この駅の地上出入口は3カ所あり、これらに近く動線上にあるのは、店1と店8です。
店1(ファミリーマート)は加えて、サザエさん通りと交差する交差点TGにも面しており立地としてはベストです。
この店と同じ側の歩道沿いに店2(ローソン100)と店3(サンクス)がほぼ100m間隔で並び、都道を挟んで反対側には、店4(ファミリーマート)、店5(まいばすけっと)、店6(セブンイレブン)、店7(ローソン)、店8(セブンイレブン)が同様に並んで出店しており、互いの商圏はかなり重複しており、たいへんな激戦状態にあることがうかがえます。
TGに接しているのは店4(交差点に接する)、店7(同)、そして店8(駅出入口に接する)であって、これらは他よりやや優位な立地にあるといえます。
また、店1と同じ側にありながら、近い駅出入口が店1とは異なる東側には、交差点TGに近い場所に、店9(サンクス)が出店しており、商圏は上記とあまり重複することなく形成されています。その先、230mほど行った地点に、店10(KIMURAYA)があり、さらに100mで店11(ファミリーマート)と出会います。いずれも南北に抜ける側道に接しており、小さいながらそれぞれ独自の商圏を確保していることが推察されます。
駅から国道246号線に向かうサザエさん通りのほぼ中間点に店12(ローソン100)が出店していますが、立地上とりわけ優位な点は見られません。
その国道に出る直前に店13(セブンイレブン)があり、その国道との交差点TGからの視界性はきわめて良好です。
この交差点は、1km圏内で国道を横断できる数少ない場所の一つであるため、人々はここに自然に集まってくる状態になっています。これは立地上特に重要な長所です。
ちょうど反対側には、店14(ナチュラルローソン)が出店しており、このTGの効果が期待できる位置にあります。
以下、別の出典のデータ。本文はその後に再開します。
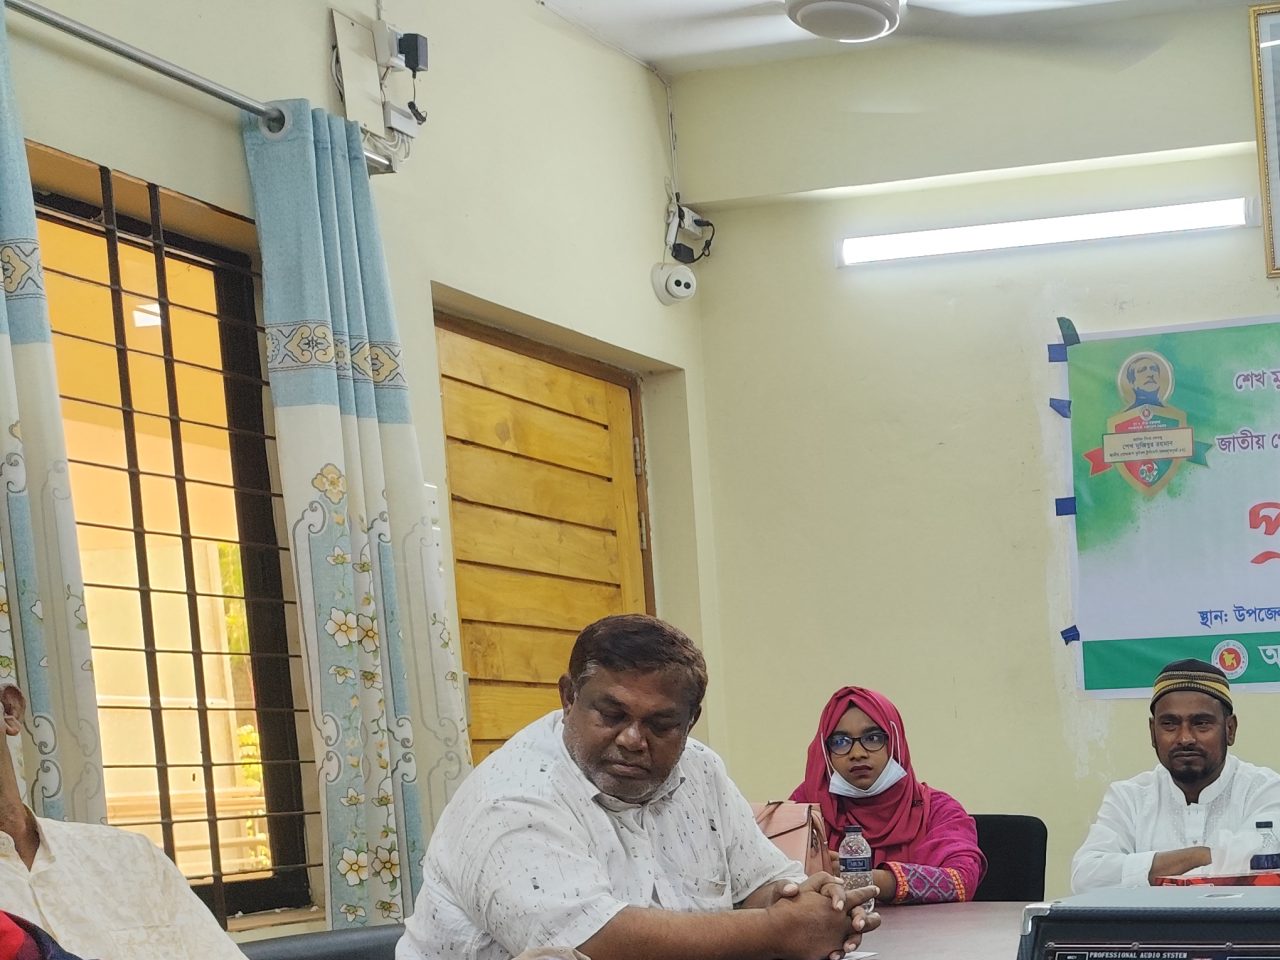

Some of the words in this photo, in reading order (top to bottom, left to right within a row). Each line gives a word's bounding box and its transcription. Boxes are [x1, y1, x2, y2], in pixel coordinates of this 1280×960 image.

こうした集中する交差点TGがない立地では、商圏をほとんど形成することができず来店する人はきわめて限られてしまい、商売は成立し難いのです。
3.弦巻通り沿い
北側のほぼ500mで東西に走る自動車道路、弦巻通りがあります。
東側に店15(セブンイレブン)と店16(ナチュラルローソン)があり、いずれも交差点TGにありますが、店16には3台分の駐車場があり自動車来店を期待できます。
この交差点とは、西側に対照的な位置にも交差点がありますが、店17(セブンイレブン)はクローズしております
店13のここを学べ 図2
歩行者にしぼる
大きな国道がそばにあると、そこを通る車での来店を期待してしまうのが人情ですが、そのためには、国道に面しているばかりか、駐車場も必要です。しかし、本文に書いたように、人々が自然と集まってくるような交差点であるならば、国道に面していなくても、また駐車場がなくても、その交差点TGと別のTG(ここでは駅)を結ぶ動線沿いに立地していれば、歩行者来店をじゅうぶん期待できます。この店の場合、店側にのみ歩道が整備されていることも強みです。
近未来予測
現時点でも、16店舗が競い合う超激戦地になっています。
その理由は何でしょうか。言うまでもなく、「世田谷の桜新町」というイメージからくる商圏の質の良さ、可処分所得の高さが大きいでしょう。加えて、「サザエさん」という町おこしの有効な手段があり、地域外からの購買流入も期待できることです。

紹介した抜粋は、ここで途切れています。